Neutrophil-specific antigen NB1 is anchored via a glycosyl-phosphatidylinositol linkage.

Neutrophil-specific alloantibodies and the antigens they recognize are important in clinical medicine but little is known about the structure of these antigens. Alloimmunization to the antigen NB1 is a clinically important cause of neonatal neutropenia and leukocyte-mediated transfusion reactions. A novel mechanism of protein attachment to cell membranes involving the covalent linkage of the protein through an oligosaccharide to phosphatidylinositol has recently been defined. Many proteins which are anchored to the cell membrane by this mechanism can be released by treatment with phosphatidylinositol-specific phospholipase C (PI-PLC).
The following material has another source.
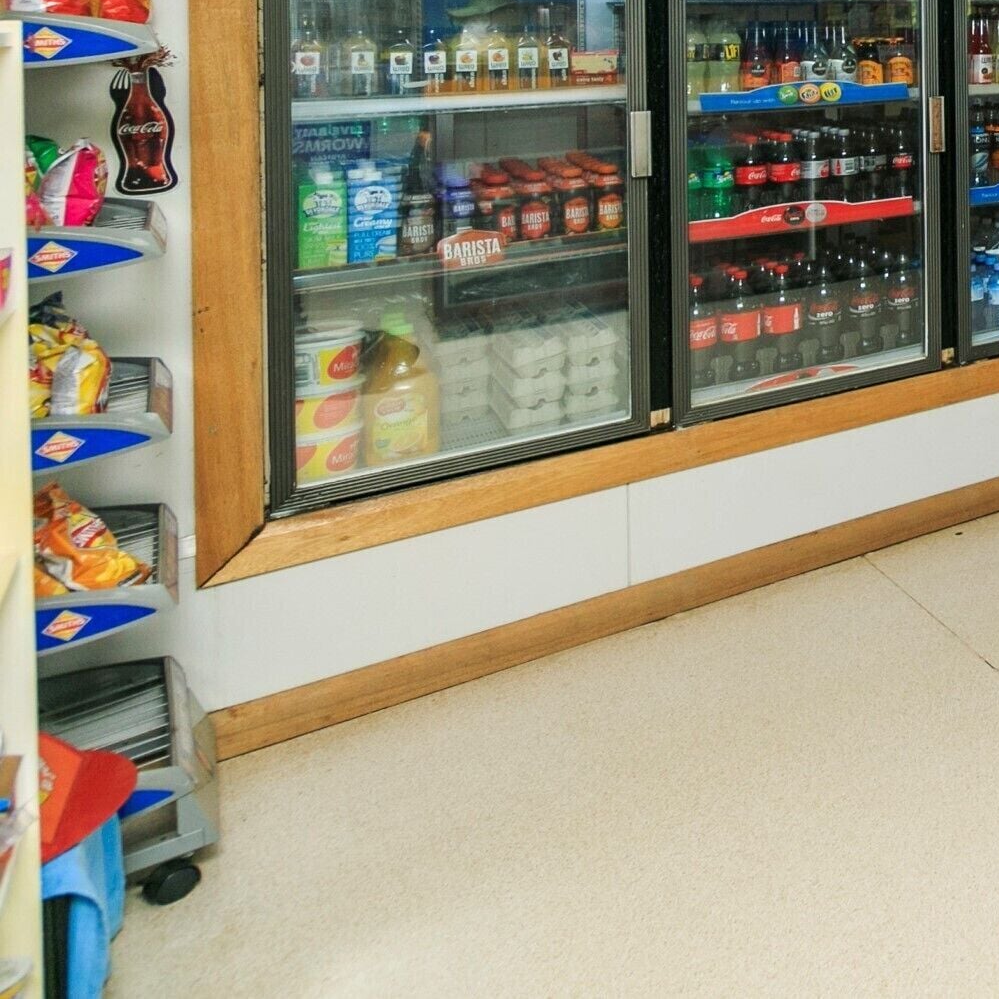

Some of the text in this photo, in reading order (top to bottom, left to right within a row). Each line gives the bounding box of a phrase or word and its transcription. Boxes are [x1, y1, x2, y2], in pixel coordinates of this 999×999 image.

The 58-64-kDa human neutrophil surface protein which contains the NB1 antigen was labeled with 125I by using lactoperoxidase and examined for PI-PLC sensitivity. The 58-64-kDa protein was specifically released from the cell by treatment with PI-PLC, and the mobility of the protein under non-denaturing conditions using non-ionic detergent was increased by treatment with PI-PLC. Surface expression of the NB1 antigen was slightly up-regulated by treatment with the chemotactic peptide f-met-leu-phe. Removal of N-linked carbohydrates with endoglycosidase-F decreased the apparent molecular weight of the protein to approximately 45-kDa. The data suggest that most of the 58-64-kDa protein bearing the neutrophil-specific antigen NB1 is anchored to the membrane through a glycosyl-phosphatidylinositol linkage.